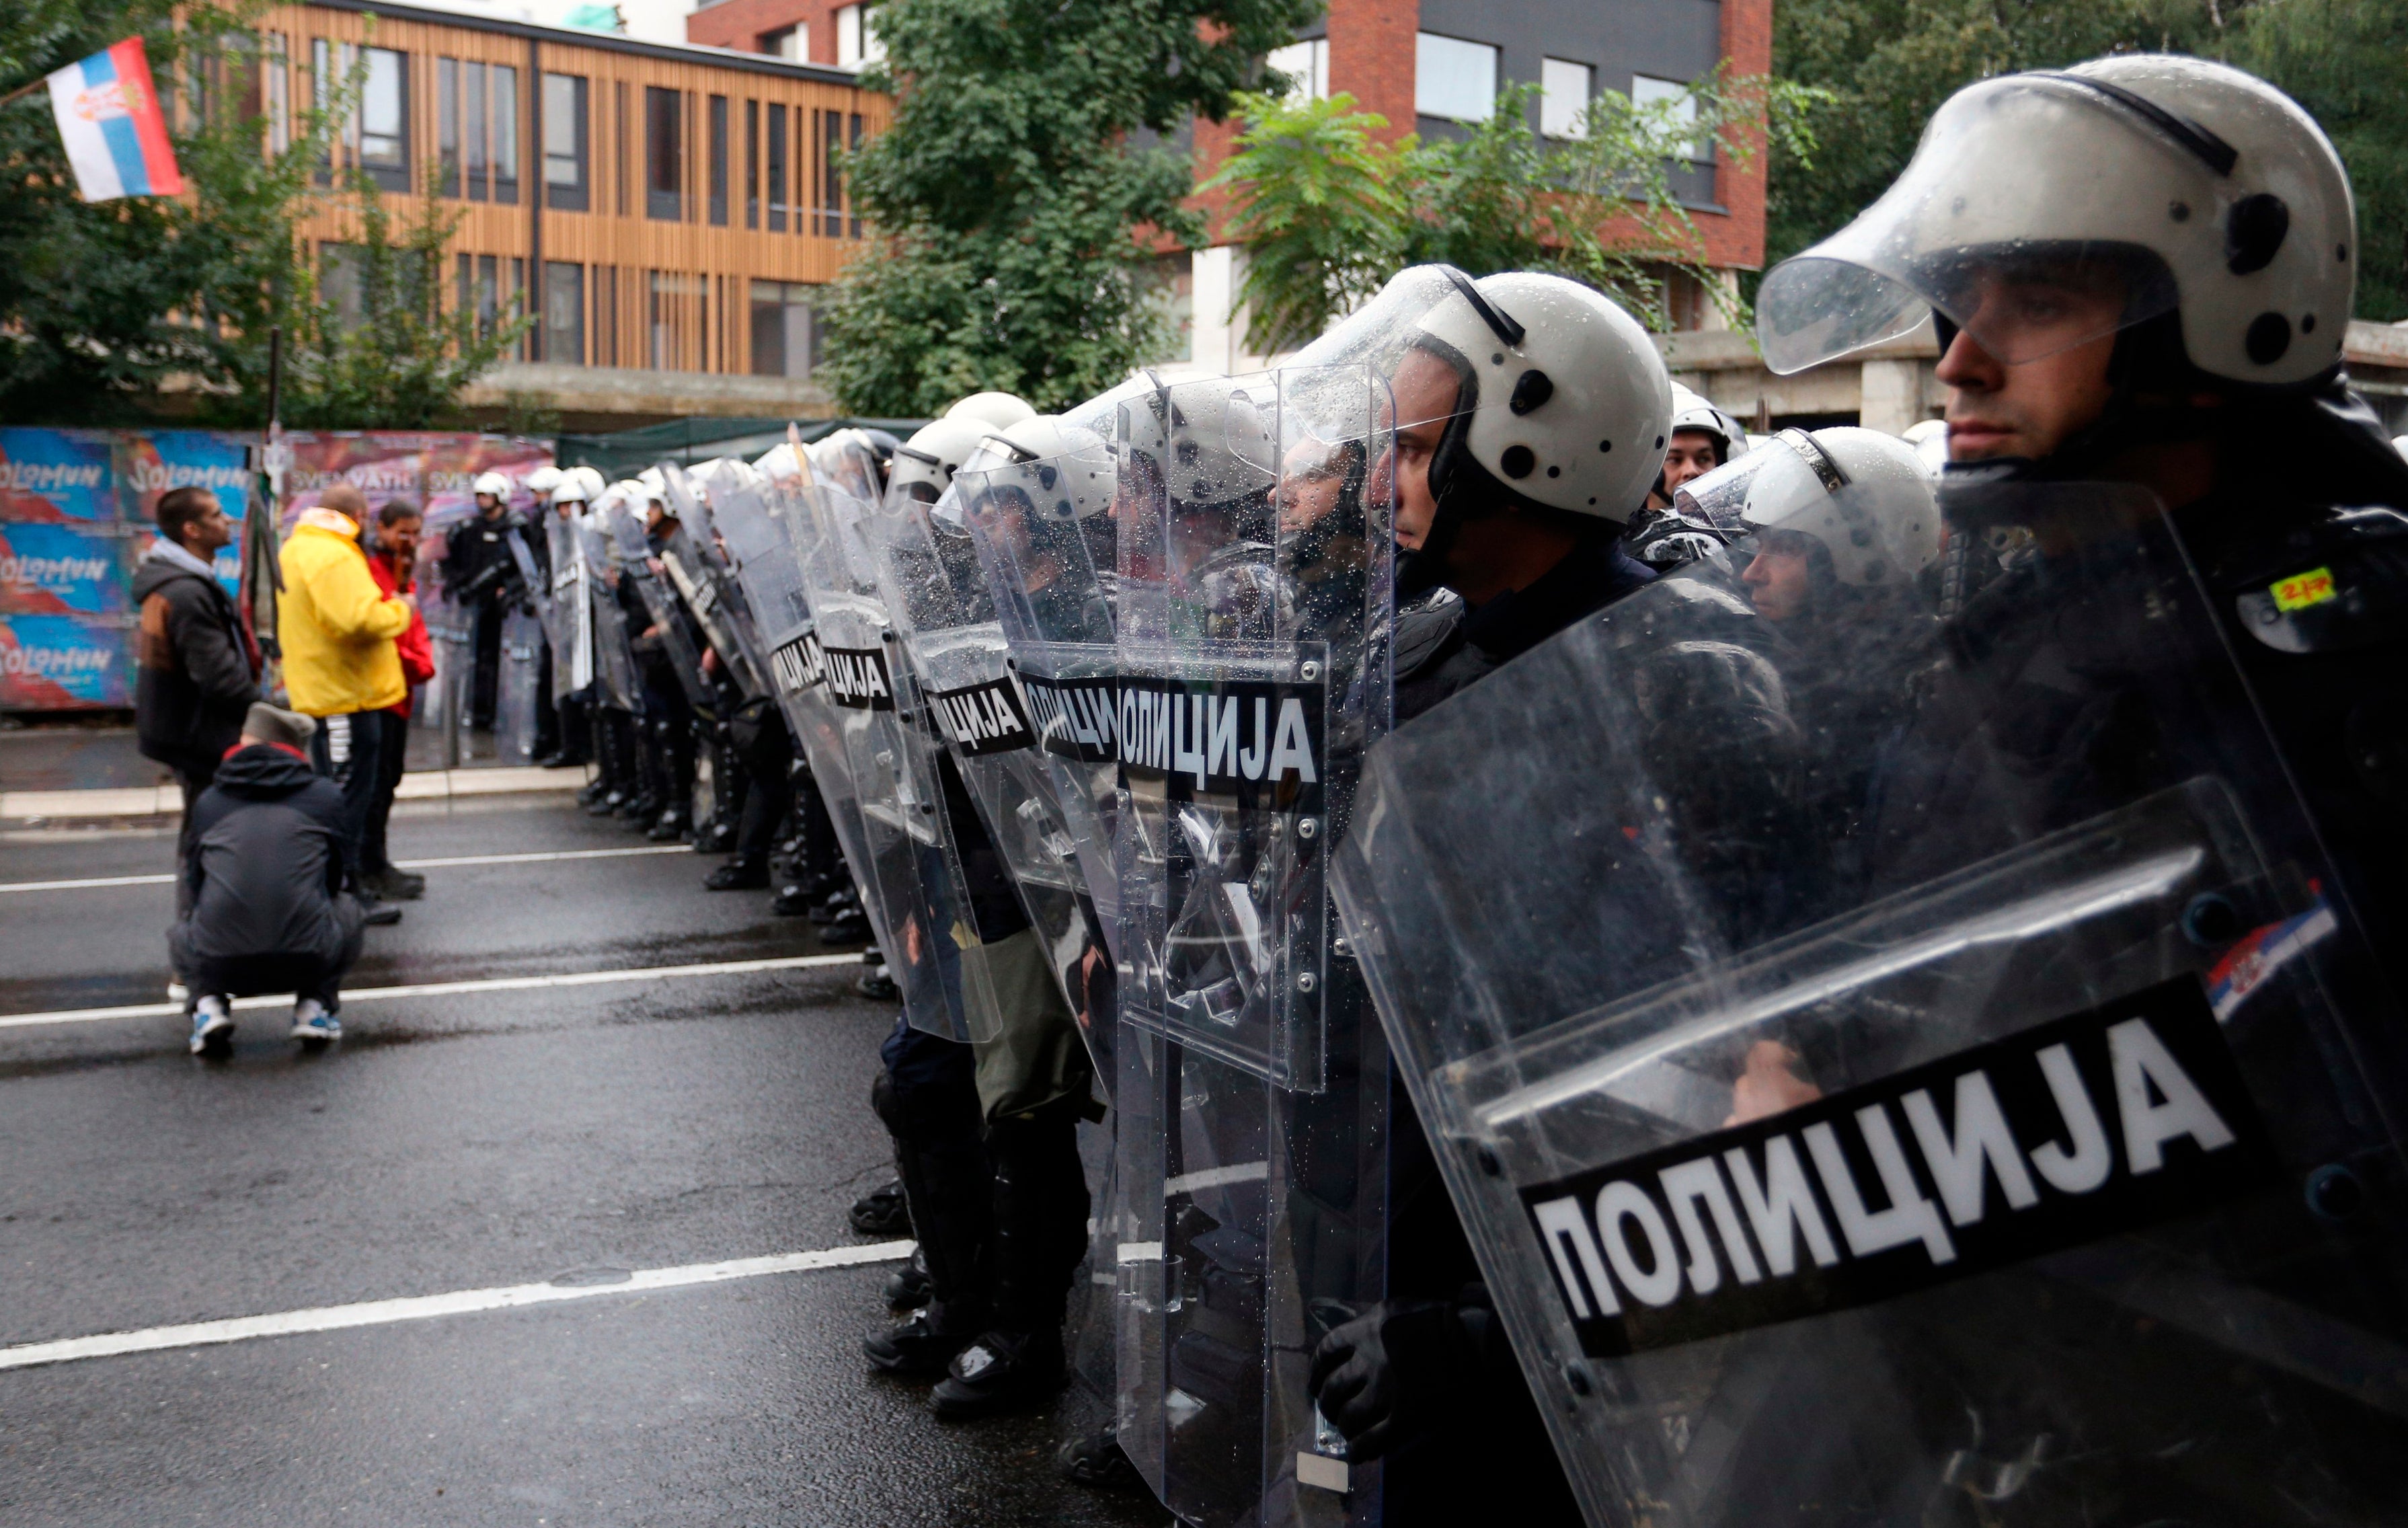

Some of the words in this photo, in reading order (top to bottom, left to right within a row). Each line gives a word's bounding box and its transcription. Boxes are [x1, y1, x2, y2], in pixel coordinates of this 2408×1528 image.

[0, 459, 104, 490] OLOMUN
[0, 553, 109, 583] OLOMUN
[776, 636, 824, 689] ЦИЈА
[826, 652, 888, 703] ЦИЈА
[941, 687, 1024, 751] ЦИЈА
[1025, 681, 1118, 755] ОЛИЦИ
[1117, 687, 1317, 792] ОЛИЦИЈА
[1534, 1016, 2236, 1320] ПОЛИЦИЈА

━━━━━━

**Task brief**
Output nothing but the records, word for word, and none of their pictures.

**Your response**
Some of the words in this photo, in reading order (top to bottom, left to right within a row). Each line gives a word's bounding box and its transcription. Boxes are [x1, y1, x2, y2], in pixel coordinates of this 2408×1528 image.

[0, 459, 104, 490] OLOMUN
[0, 553, 109, 583] OLOMUN
[776, 636, 824, 689] ЦИЈА
[826, 652, 888, 703] ЦИЈА
[941, 687, 1024, 751] ЦИЈА
[1025, 681, 1118, 755] ОЛИЦИ
[1117, 687, 1317, 792] ОЛИЦИЈА
[1534, 1016, 2236, 1320] ПОЛИЦИЈА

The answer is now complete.